Significant reduction in estimation error compared to existing methods

Higher consistency between replicate experiments

Flexible approach adaptable to new sequencing technologies

Abstract

RNA-sequencing has revolutionized biomedical research and, in particular, our ability to study gene alternative splicing. The problem has important implications for human health, as alternative splicing may be involved in malfunctions at the cellular level and multiple diseases. However, the high-dimensional nature of the data and the existence of experimental biases pose serious data analysis challenges. We find that the standard data summaries used to study alternative splicing are severely limited, as they ignore a substantial amount of valuable information. Current data analysis methods are based on such summaries and are hence suboptimal.
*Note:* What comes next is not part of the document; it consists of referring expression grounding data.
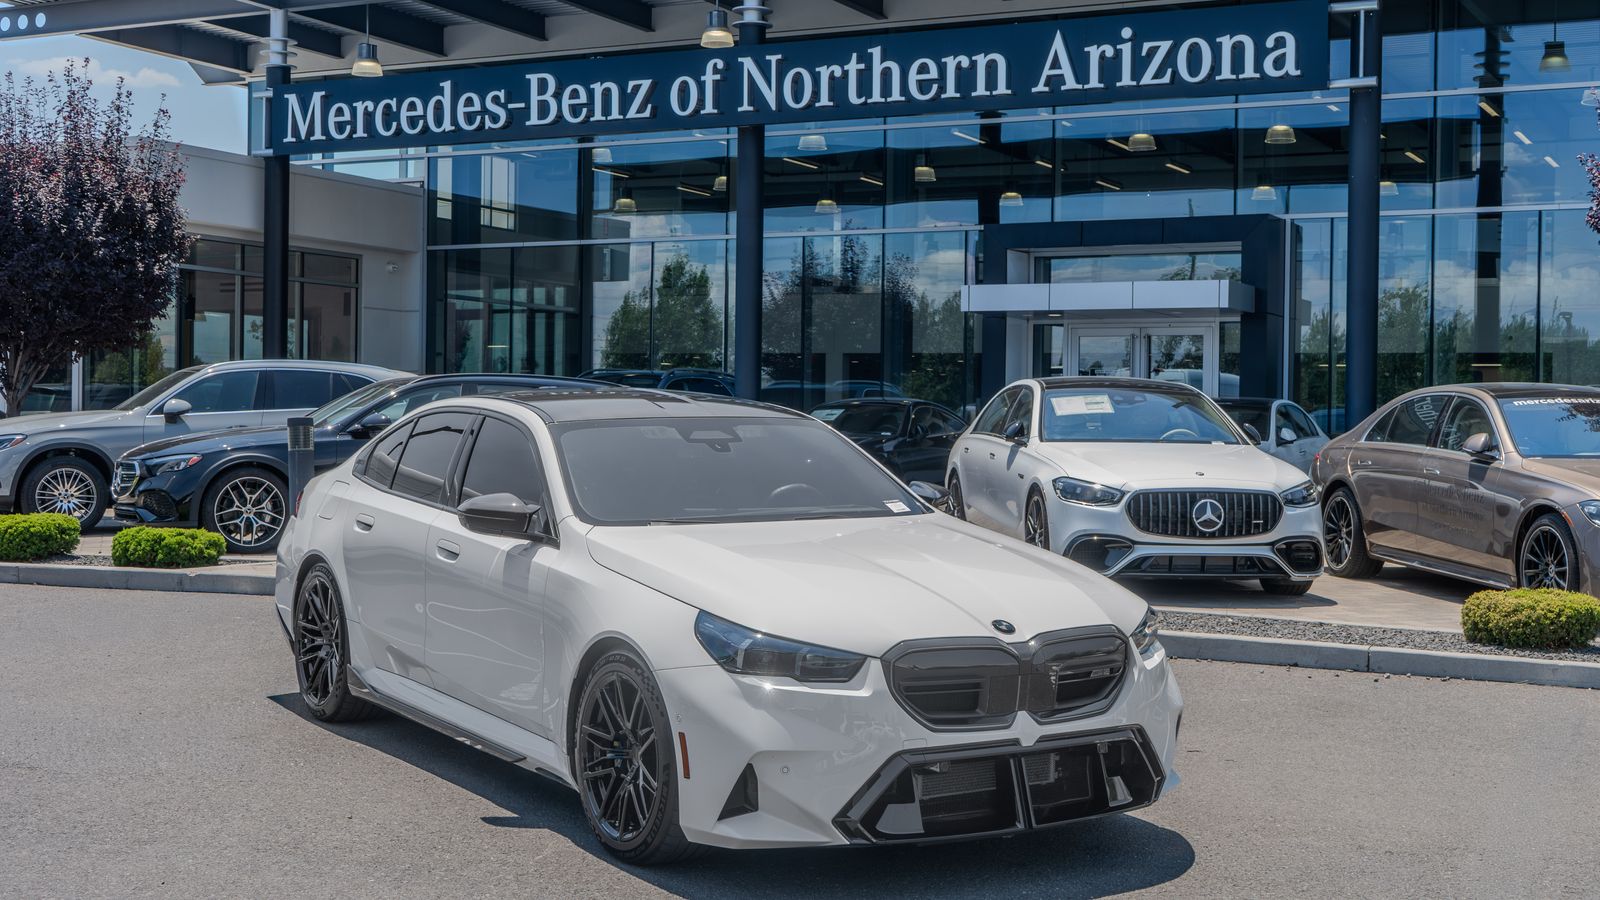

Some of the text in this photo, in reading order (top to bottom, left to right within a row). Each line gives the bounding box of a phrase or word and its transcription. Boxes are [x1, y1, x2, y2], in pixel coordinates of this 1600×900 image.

[283, 26, 1301, 143] Mercedes-Benz of Northern Arizona
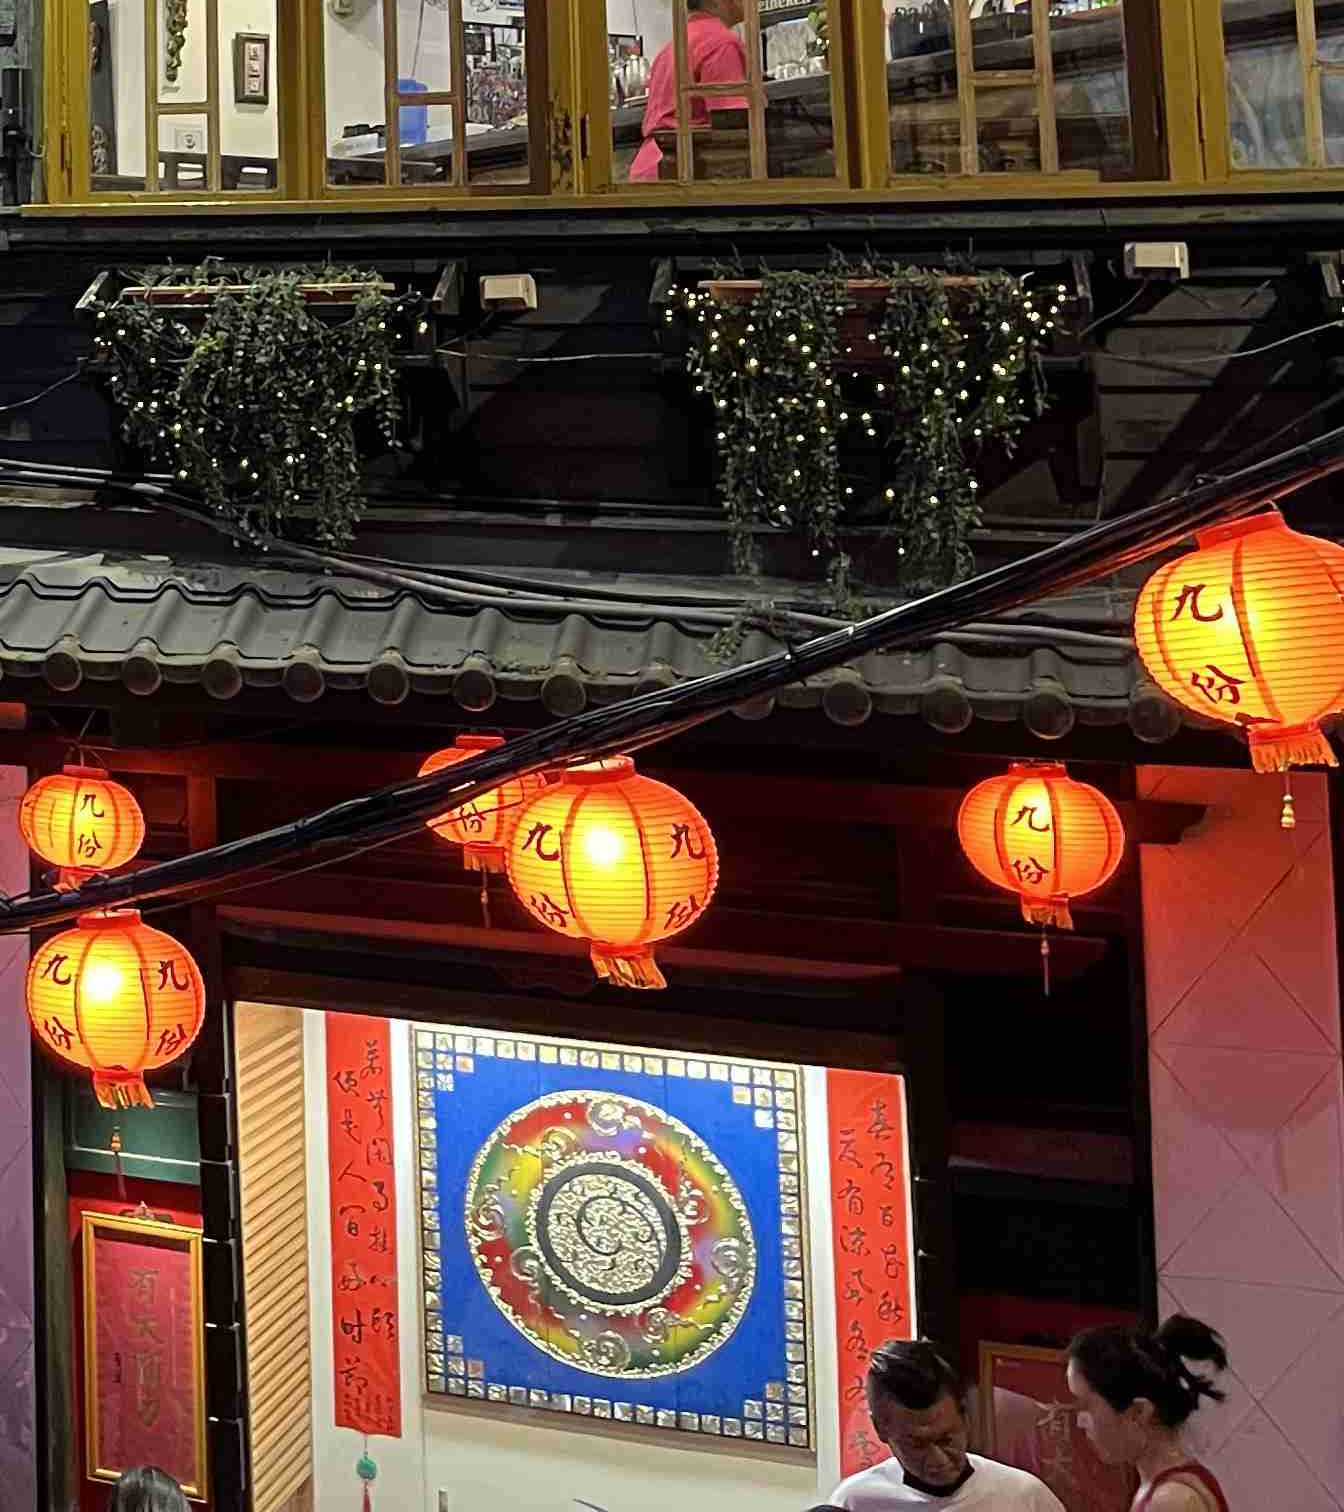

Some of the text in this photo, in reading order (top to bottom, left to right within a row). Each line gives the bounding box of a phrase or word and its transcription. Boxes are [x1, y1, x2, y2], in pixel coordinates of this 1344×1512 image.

[1171, 583, 1247, 705] 九份
[80, 793, 105, 858] 九份
[459, 802, 486, 833] 份
[1010, 805, 1051, 885] 九份
[522, 821, 569, 928] 九份
[664, 822, 706, 930] 九份
[41, 953, 76, 1051] 九份
[154, 959, 190, 1056] 九份
Further, they have limited flexibility in accounting for technical biases. We propose novel data summaries and a Bayesian modeling framework that overcome these limitations and determine biases in a nonparametric, highly flexible manner. These summaries adapt naturally to the rapid improvements in sequencing technology. We provide efficient point estimates and uncertainty assessments. The approach allows to study alternative splicing patterns for individual samples and can also be the basis for downstream analyses. We found a severalfold improvement in estimation mean square error compared popular approaches in simulations, and substantially higher consistency between replicates in experimental data. Our findings indicate the need for adjusting the routine summarization and analysis of alternative splicing RNA-seq studies. We provide a software implementation in the R package casper.